Once primary PCI is performed on the infarct related artery, if clinically safe and indicated, any high-grade disease in a non-infarct related artery should also be treated during the index procedure to minimise further exposure of the cath lab staff during a staged procedure. Primary PCI is superior for establishing normal thrombolysis in MI grade 3 coronary flow compared to an initial fibrinolysis strategy, and has a significantly lower risk of fatal and non-fatal bleeding complications.17 Furthermore, after a fibrinolysis-based strategy, just over 50% of patients are reperfused, resulting in a high proportion of patients requiring rescue PCI.17 This can result in prolonged intensive care unit (ICU) hospitalisation, with exposure to multiple healthcare providers, limiting access to ICU beds for COVID-19 patients. In addition, some of these patients may have a ‘STEMI mimicker’, such as focal myocarditis or stress cardiomyopathy known to be associated with COVID-19.18,19 Fibrinolysis of these patients would provide no benefit to the patient, but still incur bleeding risk and eventual invasive diagnostic catheterisation given that the ST-elevation is unlikely to resolve.
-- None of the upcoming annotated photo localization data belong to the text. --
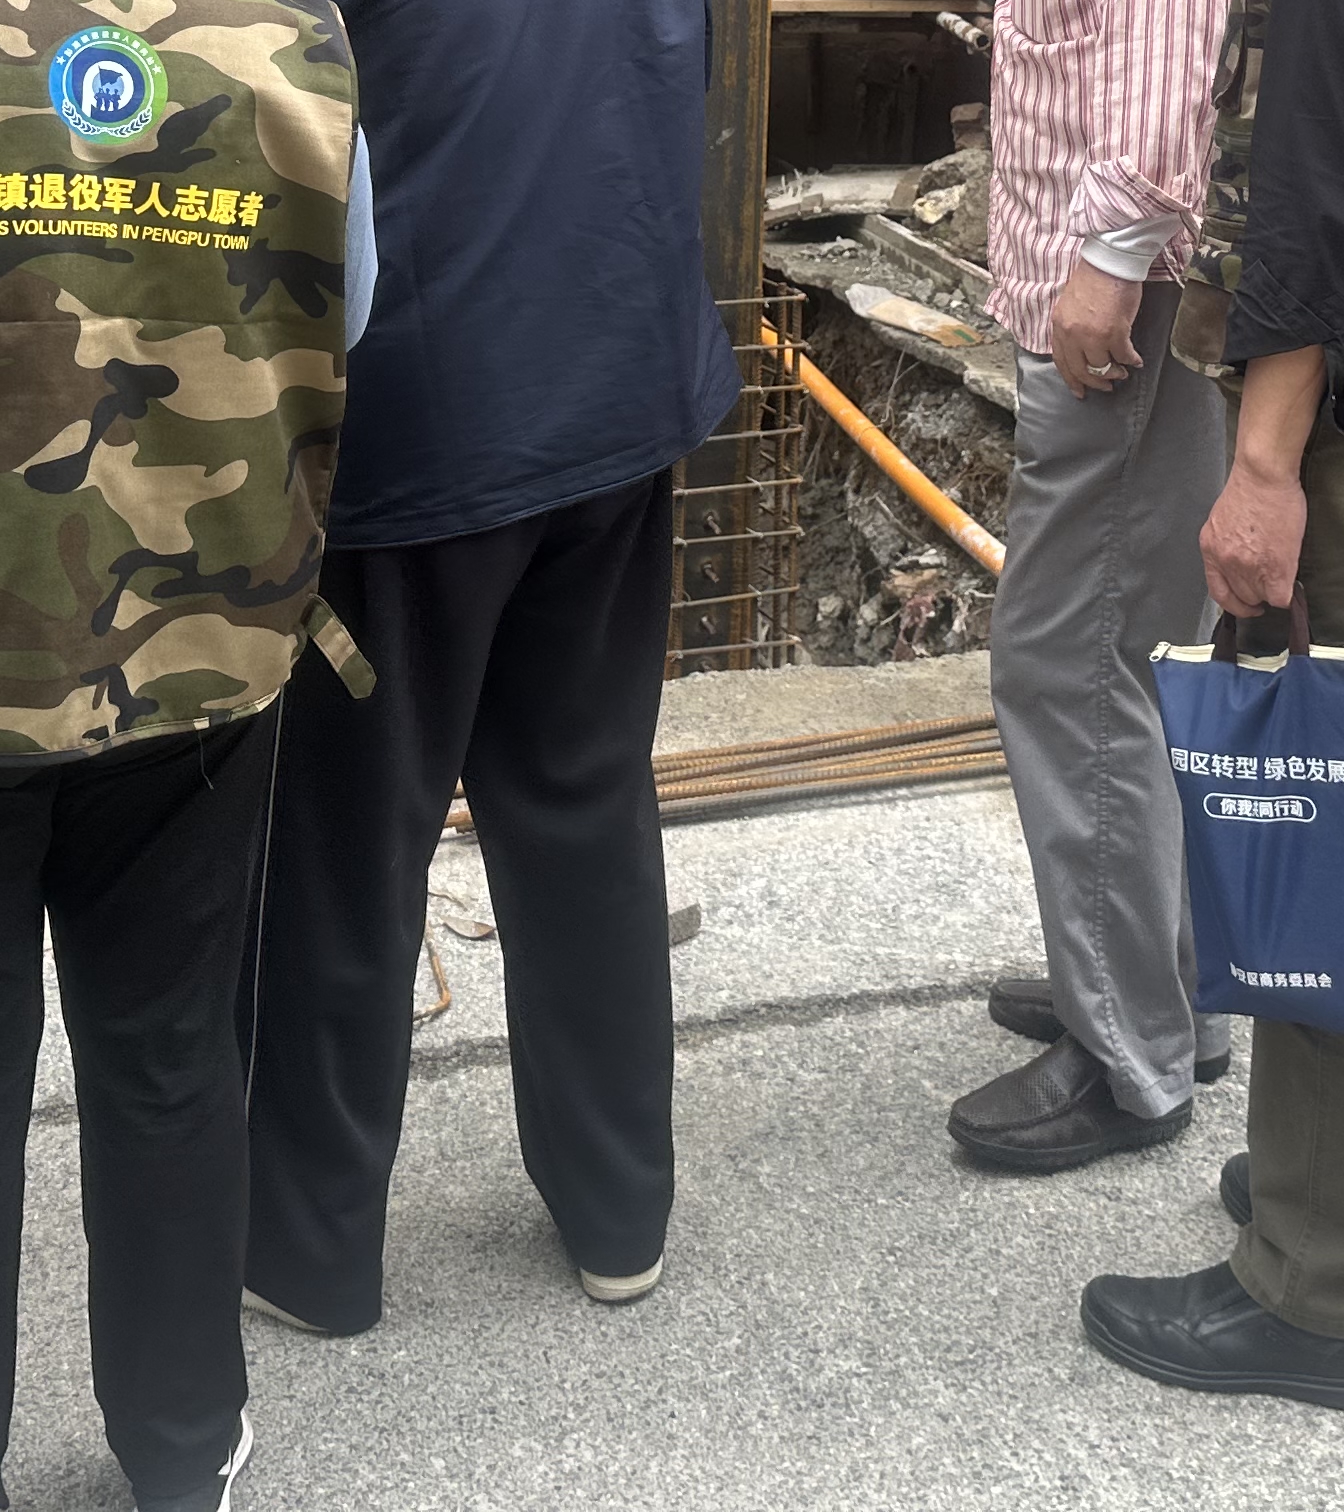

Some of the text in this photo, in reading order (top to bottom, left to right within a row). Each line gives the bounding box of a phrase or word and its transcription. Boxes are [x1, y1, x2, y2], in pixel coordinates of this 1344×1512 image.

[12, 220, 118, 238] VOLUNTEERS
[122, 225, 139, 239] IN
[142, 226, 210, 247] PENGPU
[213, 233, 250, 250] TOWN
[1170, 747, 1258, 781] 园区转型
[1229, 961, 1333, 988] 安区商务委员会
Ideally, a dedicated cath lab should be located in a COVID-19 area of the hospital, but this might not always be possible. In the latter case, a temporary COVID-19 lab and procedure with a protected team needs to be set up for each patient; this might require a longer time. If the cath lab is not ready, we suggest that patients wait in the ambulance, rather than in the pre-operating room.20

Finally, the safe reintroduction of cardiovascular interventional procedures during the COVID-19 pandemic can be achieved according to response level. Primary PCI should be introduced for most STEMI patients, and selective pharmaco-invasive therapy as per regional practice. If a patient has COVID-19 or there is a moderate-to-high probability of a patient being COVID-19 positive, consider alternative investigations (transthoracic echo and/or CCTA) prior to cath lab activation or pharmaco-invasive therapy. In high-risk ACS (non-STEMI/unstable angina), an invasive strategy is the treatment of choice, particularly when there are refractory symptoms, haemodynamic instability, significant left ventricular dysfunction, suspected left main or significant proximal epicardial disease and a GRACE risk score >140.21

The COVID-19 pandemic has had a global impact on the way in which healthcare systems operate. Frontline healthcare professionals put themselves at risk when treating patients. Excellent leadership, proper cath lab preparation, teamwork, mutual trust, regular updates, feedback and communication between multidisciplinary departments are essential during the pandemic.